*** Opening of DATASET EXCERPTS ***

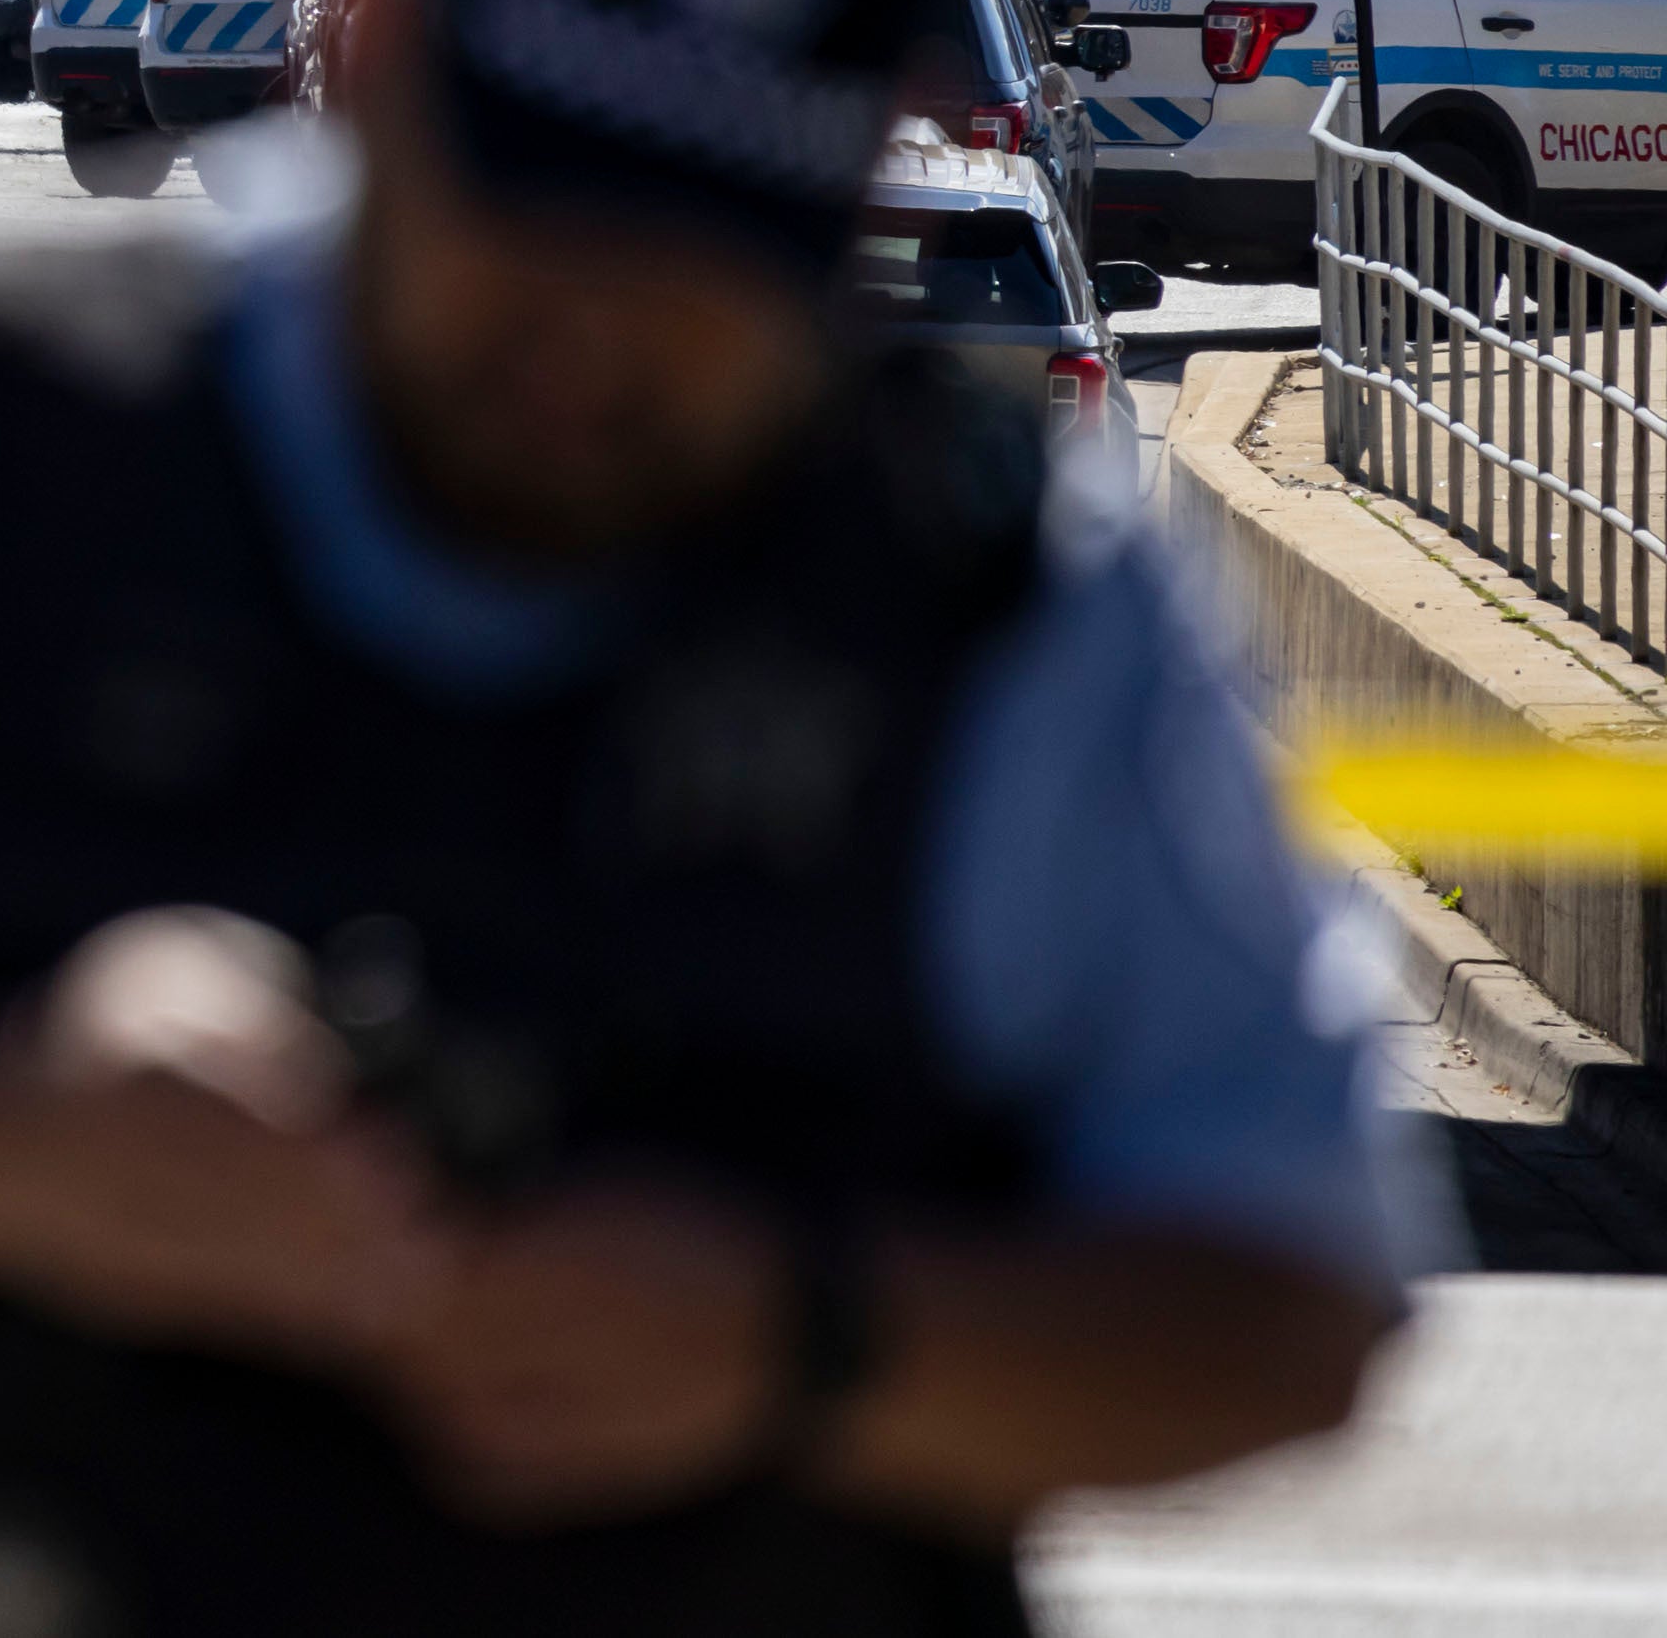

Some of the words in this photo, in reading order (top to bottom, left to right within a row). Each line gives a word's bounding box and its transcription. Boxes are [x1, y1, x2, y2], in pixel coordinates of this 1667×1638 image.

[1539, 64, 1554, 77] WE
[1558, 64, 1591, 78] SERVE
[1595, 65, 1615, 79] AND
[1619, 65, 1663, 80] PROTECT
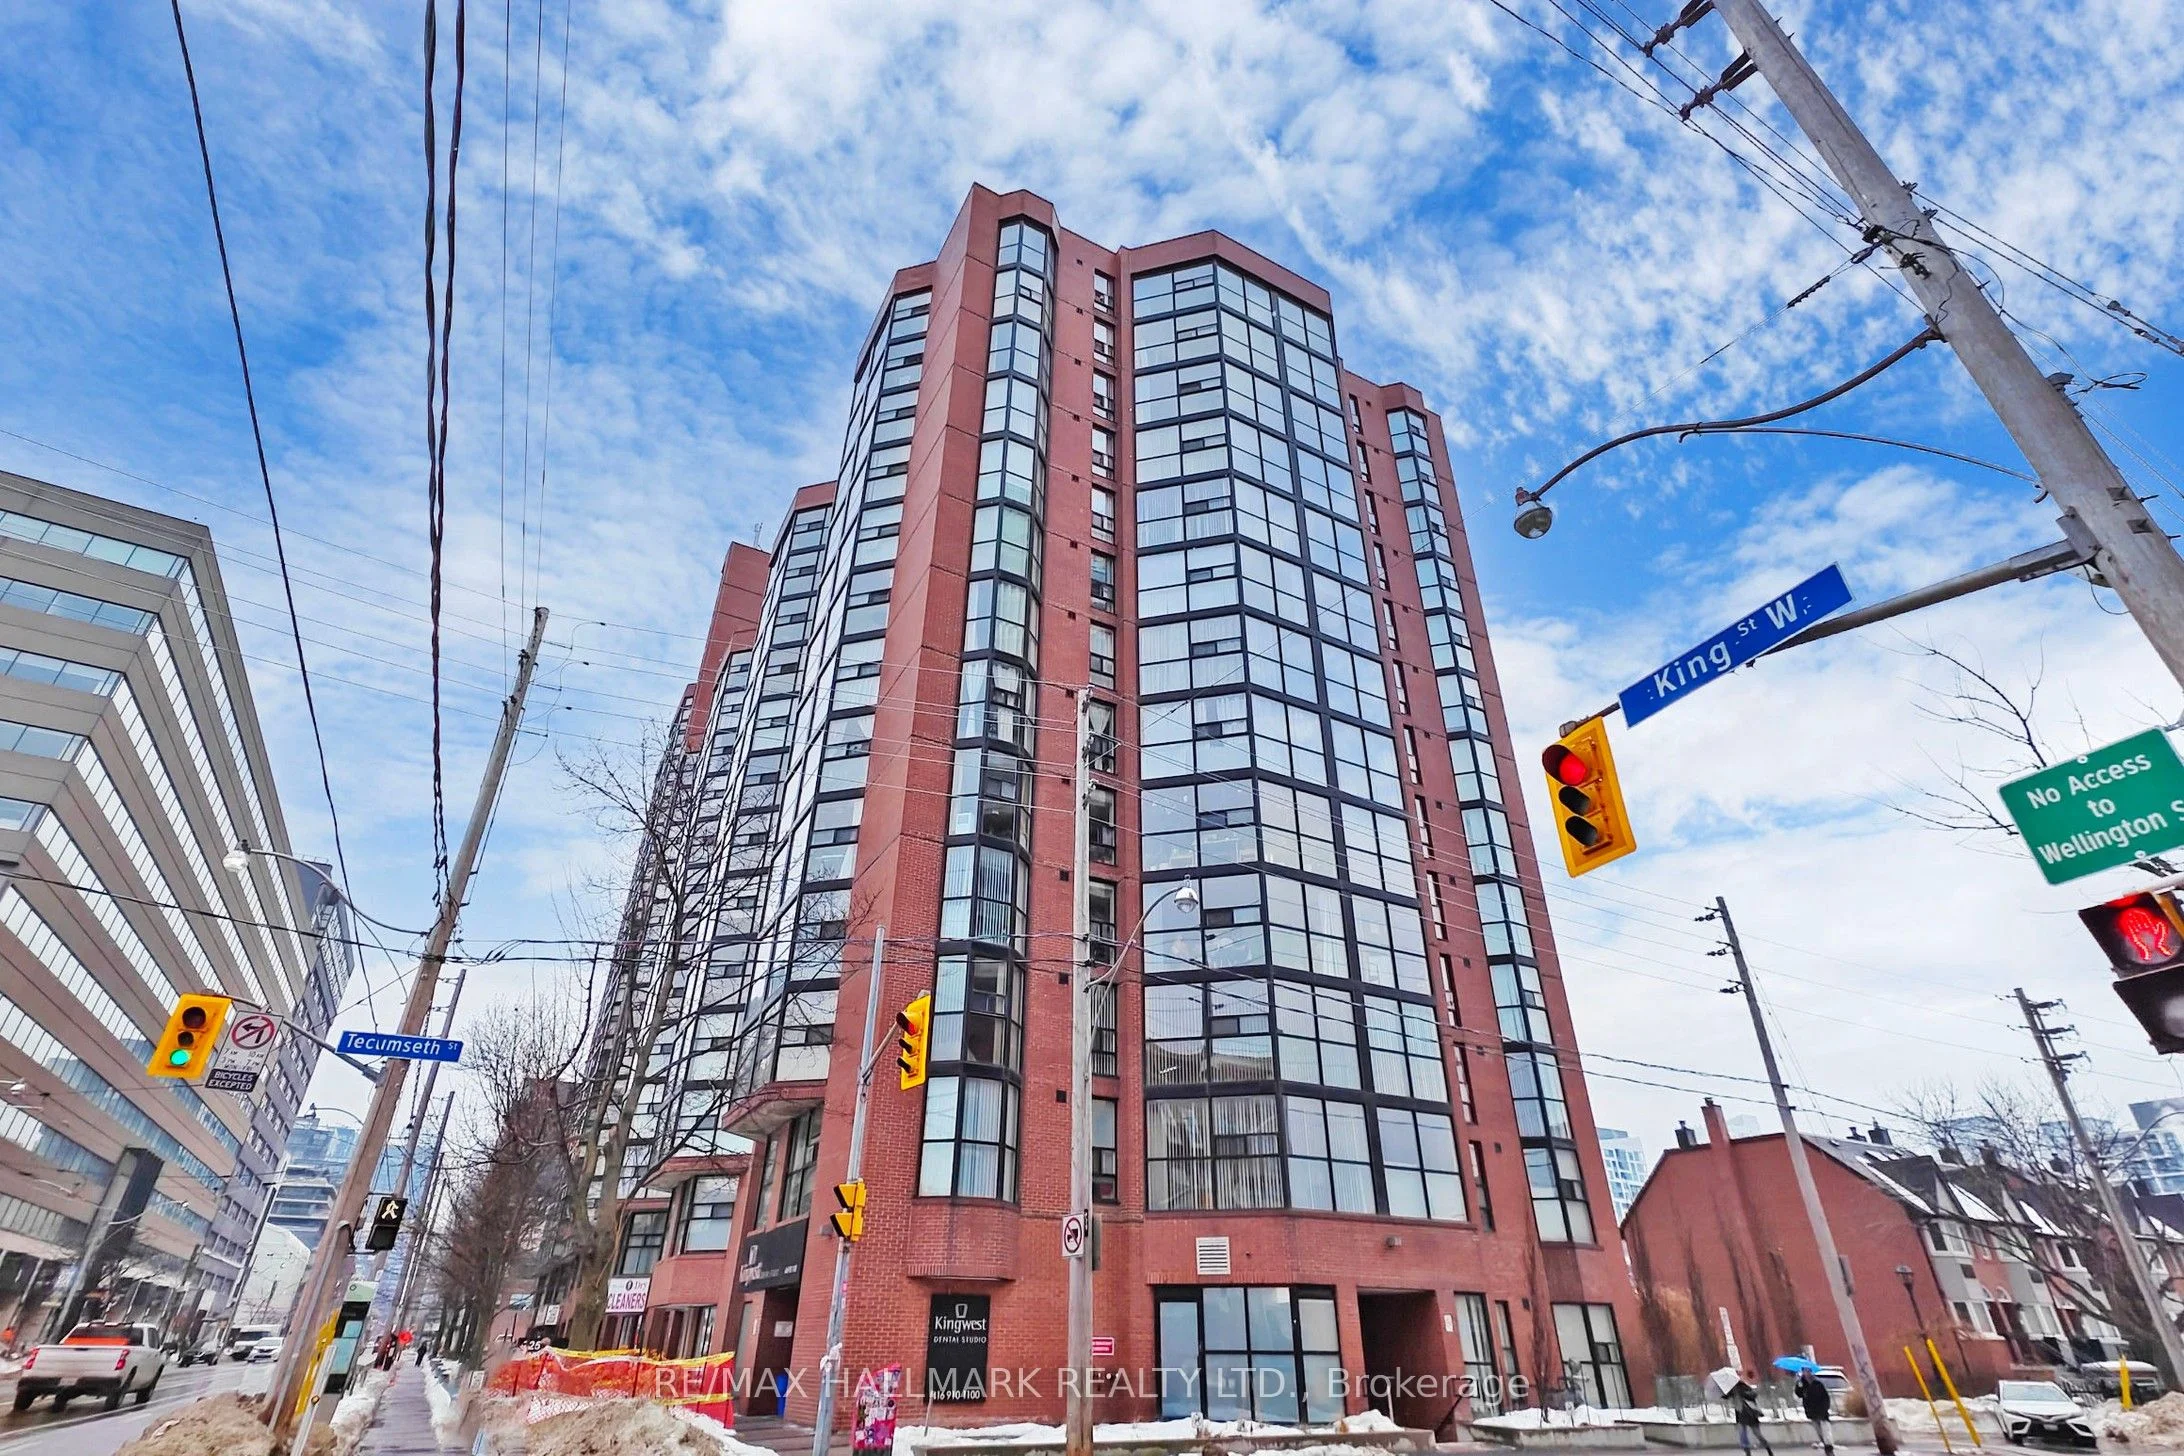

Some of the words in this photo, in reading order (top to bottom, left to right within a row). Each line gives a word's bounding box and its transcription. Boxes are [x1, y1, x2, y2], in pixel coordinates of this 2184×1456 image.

[1653, 640, 1732, 698] King
[1737, 617, 1758, 637] St
[1765, 593, 1798, 630] W
[2026, 787, 2061, 810] No
[2067, 753, 2152, 796] Access
[2087, 798, 2116, 818] to
[2037, 810, 2168, 865] Wellington
[2170, 799, 2184, 822] S
[346, 1033, 441, 1055] Tecumseth
[447, 1041, 459, 1051] St
[208, 1080, 253, 1090] EXCEPTED
[213, 1071, 254, 1081] BICYCLES
[607, 1292, 646, 1310] CLEANERS
[934, 1316, 987, 1334] Kingwest

*** Close of DATASET EXCERPTS ***

| INSTRUCTIONS TO FOLLOW |
Output the records above exactly as they are, leaving out the pictures.

| ANSWER TO THIS TASK |
Some of the words in this photo, in reading order (top to bottom, left to right within a row). Each line gives a word's bounding box and its transcription. Boxes are [x1, y1, x2, y2], in pixel coordinates of this 1667×1638 image.

[1539, 64, 1554, 77] WE
[1558, 64, 1591, 78] SERVE
[1595, 65, 1615, 79] AND
[1619, 65, 1663, 80] PROTECT

Some of the words in this photo, in reading order (top to bottom, left to right within a row). Each line gives a word's bounding box and its transcription. Boxes are [x1, y1, x2, y2], in pixel coordinates of this 2184×1456 image.

[1653, 640, 1732, 698] King
[1737, 617, 1758, 637] St
[1765, 593, 1798, 630] W
[2026, 787, 2061, 810] No
[2067, 753, 2152, 796] Access
[2087, 798, 2116, 818] to
[2037, 810, 2168, 865] Wellington
[2170, 799, 2184, 822] S
[346, 1033, 441, 1055] Tecumseth
[447, 1041, 459, 1051] St
[208, 1080, 253, 1090] EXCEPTED
[213, 1071, 254, 1081] BICYCLES
[607, 1292, 646, 1310] CLEANERS
[934, 1316, 987, 1334] Kingwest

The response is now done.